We all know about the whole “you stole my name” phenomenon. Think back to that episode of Friends where Monica accuses Rachel of stealing her girl name, Emma. (Also note that Monica didn’t have a baby at the time.)

I have six children with fairly unusual names. Not one of them would be on a top 100 baby names list anywhere. My youngest son’s name is Finian, which is perhaps the most common of the lot. I’ve had a couple of friends express that they liked the name and have asked me how I would feel if they used it. I appreciated the gesture of checking in and of course told them to use the name with all of my blessings.

The funniest “name borrowing” moment for me was when our friends recently got a puppy and gave him the name of my son, Clancy.

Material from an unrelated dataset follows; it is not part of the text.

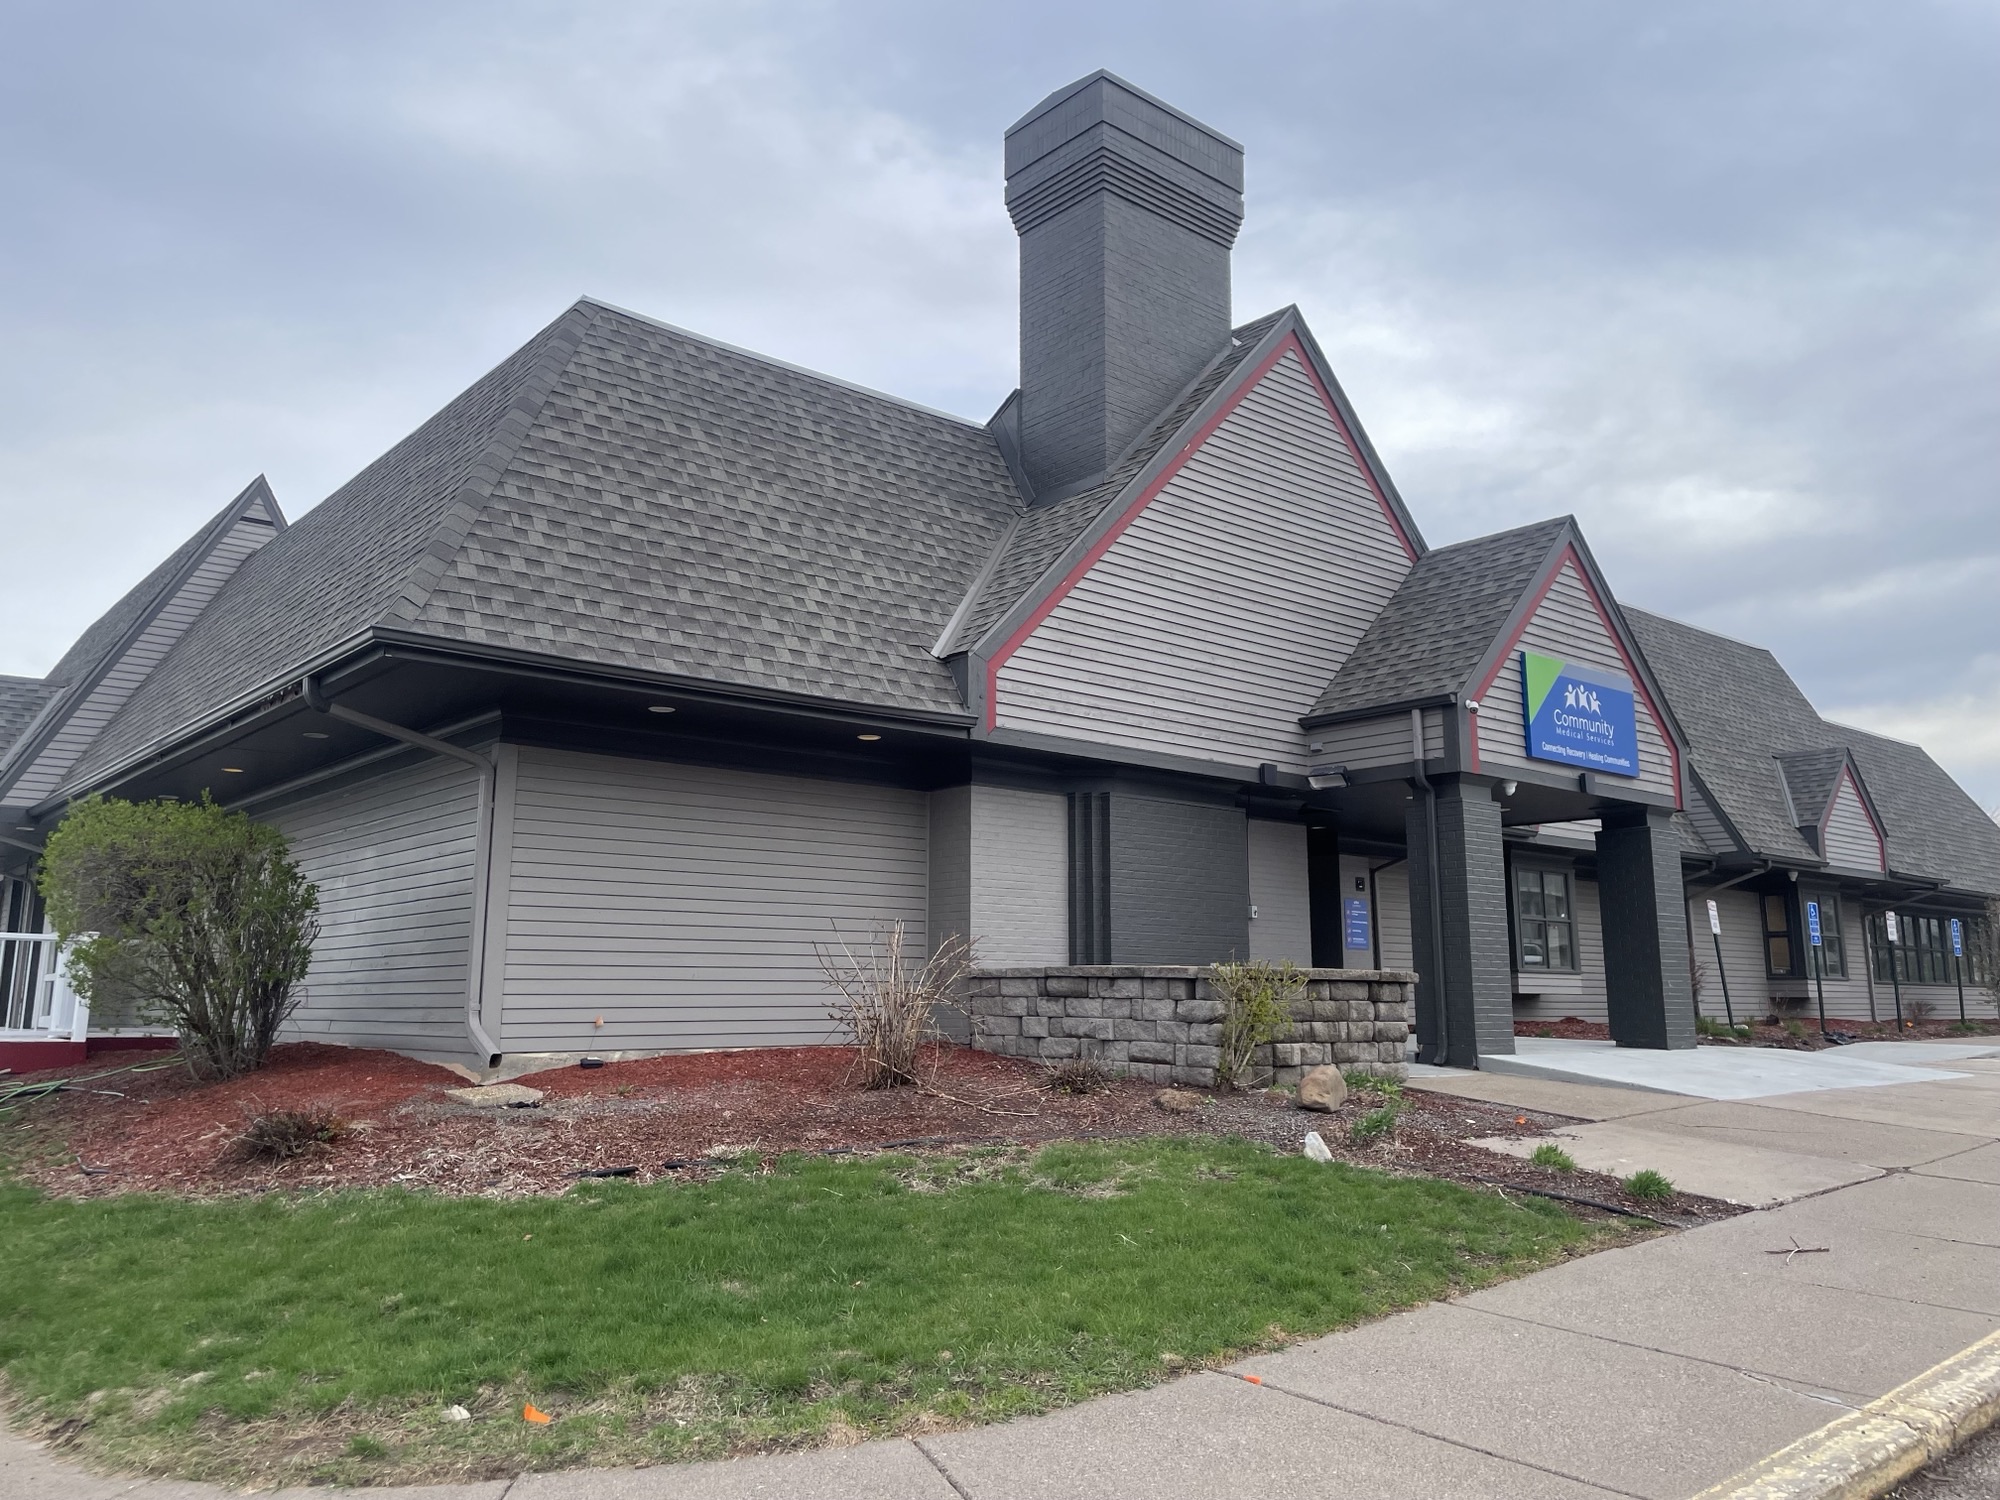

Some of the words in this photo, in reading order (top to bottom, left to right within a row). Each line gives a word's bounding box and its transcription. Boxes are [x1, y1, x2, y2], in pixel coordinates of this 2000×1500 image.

I had to admit, Clancy is a great name for a dog or a kid. Now the on-going joke is that we named our son after their dog.

We recently had a family member name their new baby son Clancy. My Clancy was delighted to have a little namesake and feels quite special about it all. The parents didn’t mention they were going to use the name, so I was a bit surprised since it’s such an unusual name. But, I wasn’t bothered and was delighted someone else thought it was a cool enough name to use.

The thing with asking “permission” is that it can be risky business – if you ask the question, you better be prepared to respect the answer. What if you ask to use a name and someone says no? Maybe when it comes to naming children, you’re better off sticking to the mantra “it’s easier to get forgiveness than permission.”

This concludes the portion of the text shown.